Christina Pettersson the Swedish-born, Miami-based artist, and Alumna Artist in Residence at the Deering Estate (2011-2012) explores resurrection and savage demise on a grand scale once reserved for history painting. Her drawings, sculptures, and most recently performances, reference classic mythology and literature, revealing a deep allegiance to the wilderness of a bygone era, the sorcery of the night, and the experience of a world in decline. It is a stage materialized from the often brutal but beautiful landscape of her hometown, which she has spent a lifetime exploring.

 

She writes, “As my roots in the South have grown so has the landscape. Where I am and what my unique terrain means matters more and more. It is not a backdrop.
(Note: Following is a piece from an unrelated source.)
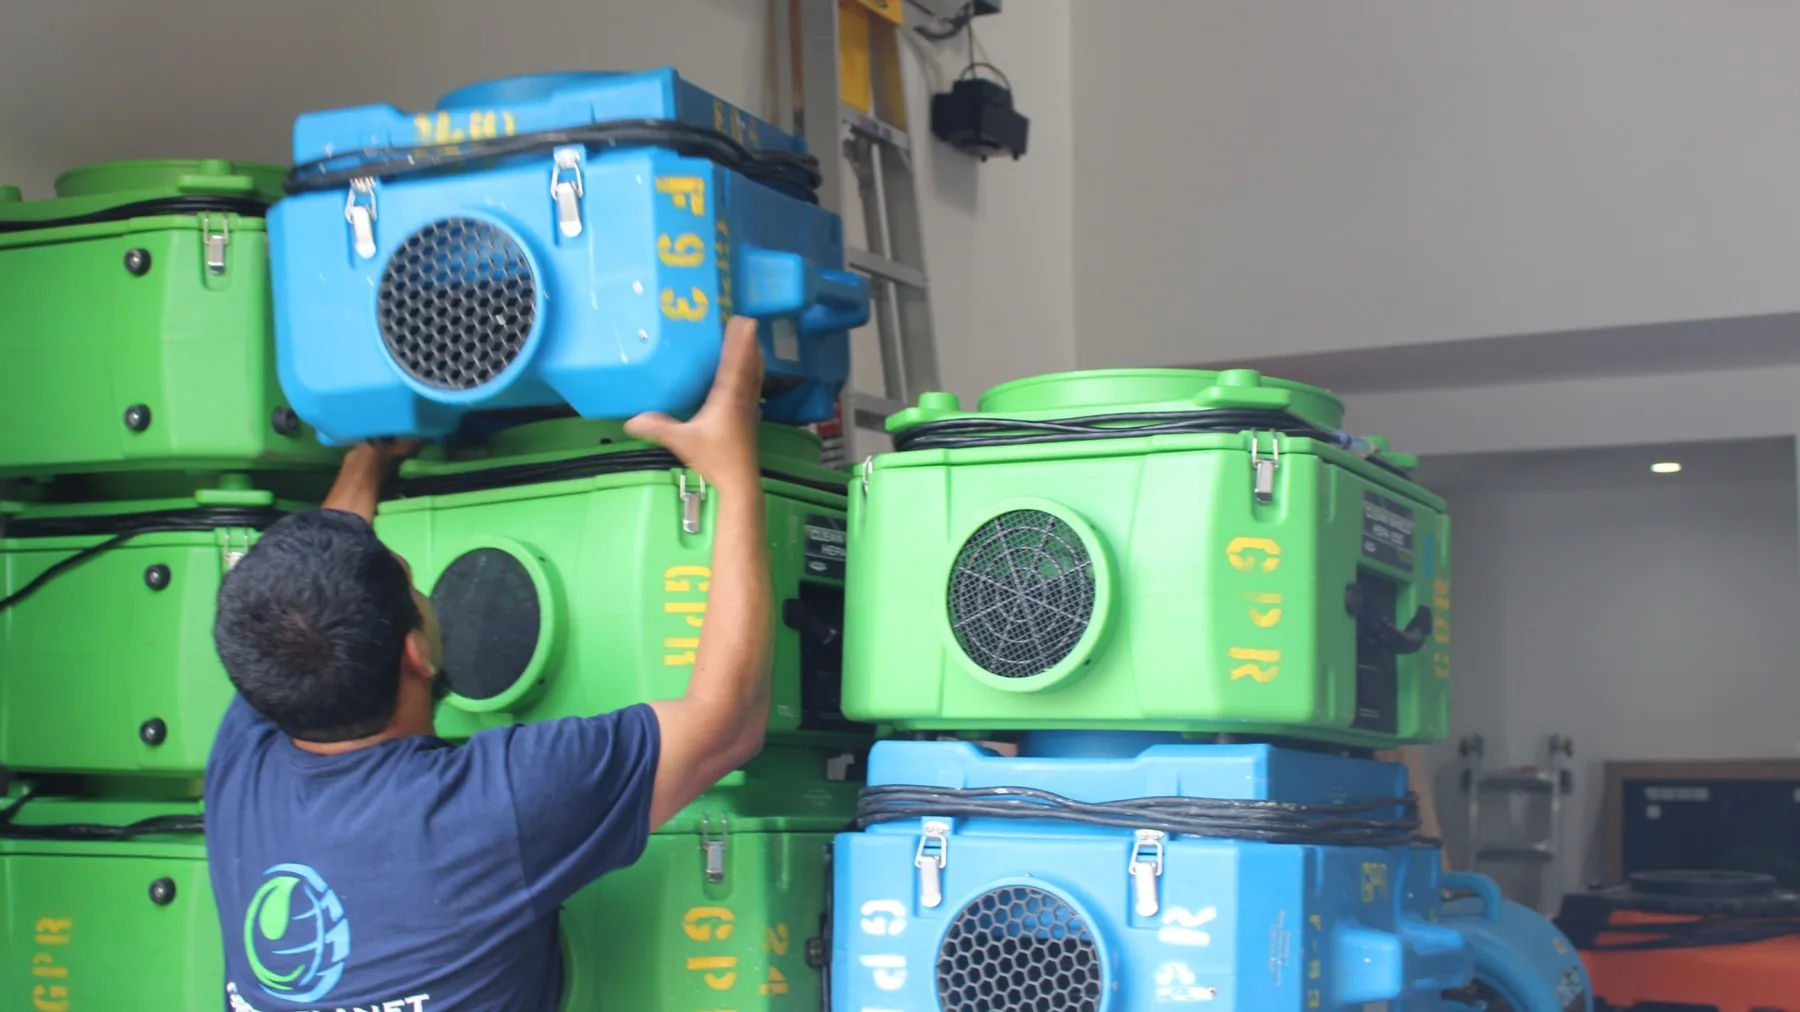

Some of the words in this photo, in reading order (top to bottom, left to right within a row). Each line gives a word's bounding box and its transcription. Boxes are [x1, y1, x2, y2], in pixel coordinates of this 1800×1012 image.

[655, 176, 708, 322] F93
[683, 906, 738, 1012] GP
[859, 900, 908, 1012] GP
A voracious reader of local history, as well as an avid naturalist, birder, explorer, and wild thing, I am most alive when I am inside the scenery, tramping the landscape barefoot and muddy.  I long to restore that epic and mythological dimension, a sense of awe and reverence for the world. The fact is they are not much about my personality. I want to be a storyteller. I want to believe that life is still wild.” The exhibit features an impressive 24-foot-wide drawing of architectural ruins, inspired by historical ruins like Tamarit, a Spanish fortress restored by Charles Deering in the early twentieth century.